Most of the prison complex was torn down in 1997 so as to make way for the HanoiCentral Tower building, yet enough of the old prison site was preserved to establish the Hoa Lo Prison Museum.
Exhibitions in the prison museum mostly display historical items related to the Vietnamese struggle for independence from the French colonists. Collections of torture instruments comprising whips, terrifying array of shackles are on display.
The guillotine used to be operated at the back of the prison. It was the inmates who dubbed it Hoa Lo, which means ‘fiery furnace’

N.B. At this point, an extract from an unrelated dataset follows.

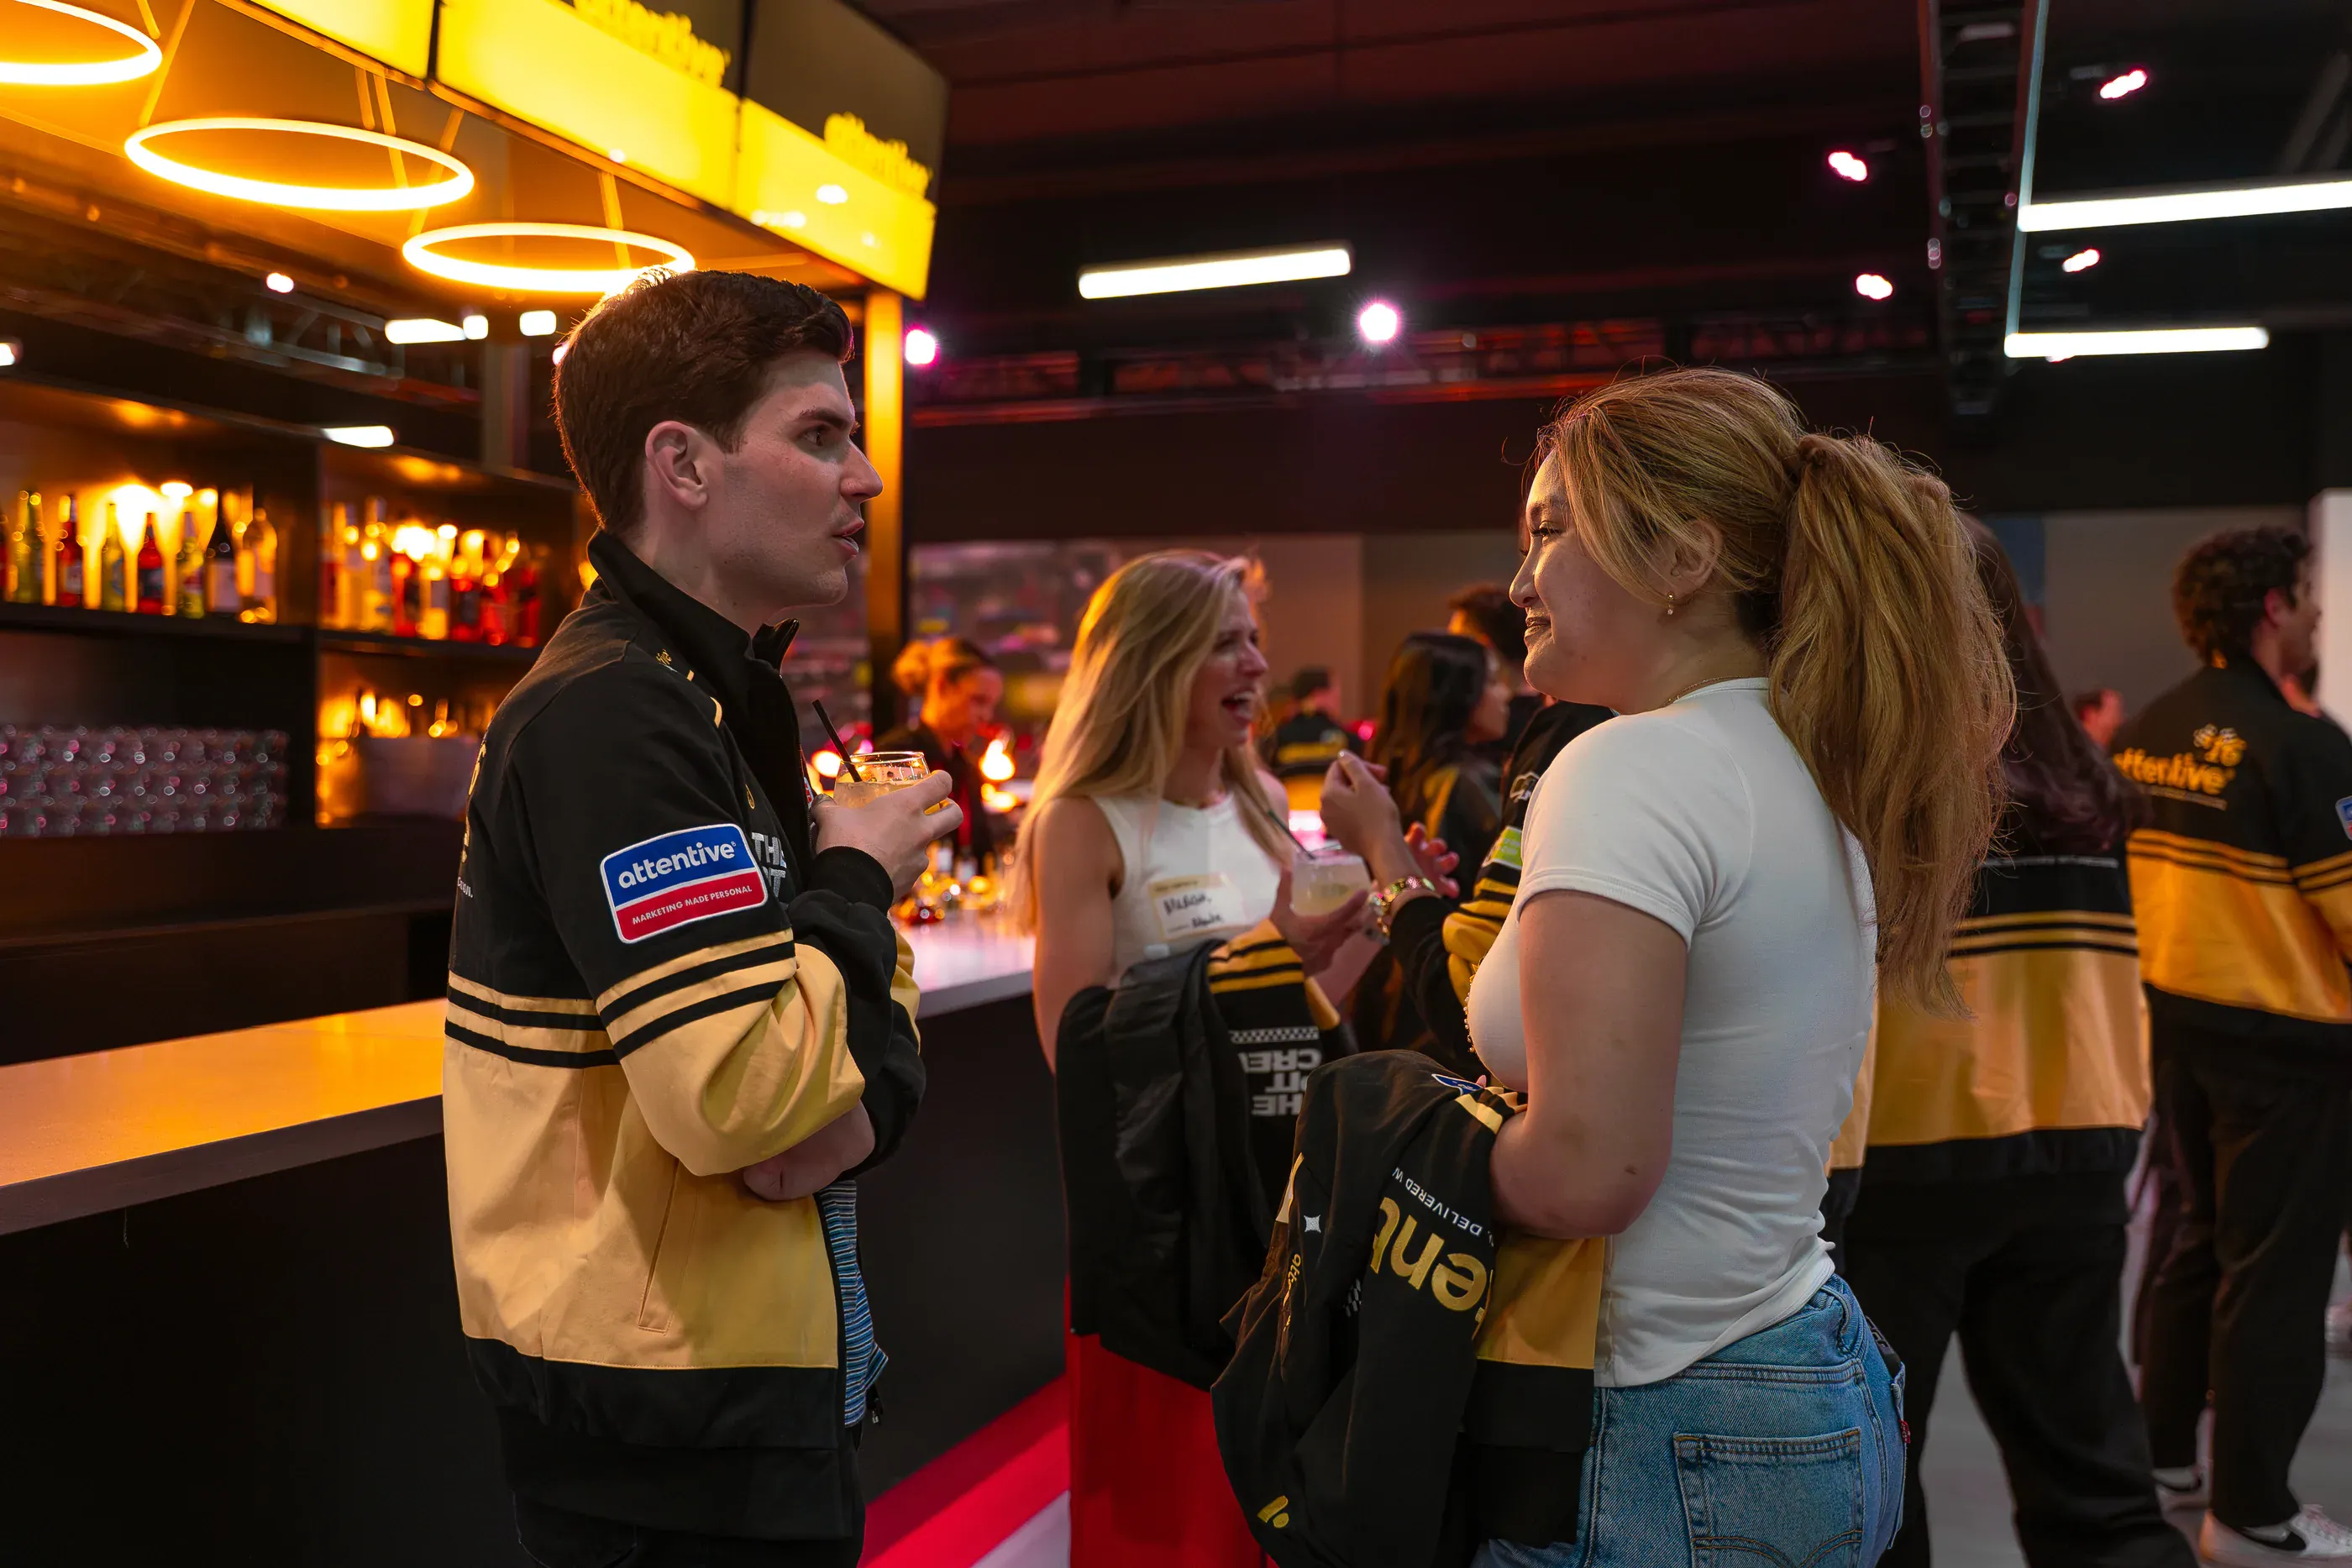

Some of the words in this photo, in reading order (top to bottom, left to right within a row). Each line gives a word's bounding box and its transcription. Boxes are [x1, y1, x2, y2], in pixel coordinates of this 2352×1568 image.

A humble section of the museum is devoted to showcasing the sanguinary reality of the prison in Vietnam War. Famous inmates housed by the prison in this era were Senator John McCain (the Republican running for US presidency in 2008) and Pete Peterson (the first US ambassador visiting Vietnam in 1995). McCain was a pilot shot down in 1967 and rescued from Truc Bach Lake by Hanoi locals. His flight suit is on display in Hoa Lo Prison Museum. US prisoners were treated with substantial mercy under Vietnamese administration.
The prison capacity was 450 prisoners; however, by the 1930s, nearly 2000 prisoners were recorded to be detained at the site. Hoa Lo often failed to be a security prison as hundreds made it to the other side of its walls and many squeezed out through sewer grates over the years.
Address: No. 1 Hoa Lo Str. (between Hai Ba Trung and Ly Thuong Kiet Str.), Hanoi.
Opening on weekdays, except Monday at 07:30am – 11:30am & 1:30pm – 4:30pm.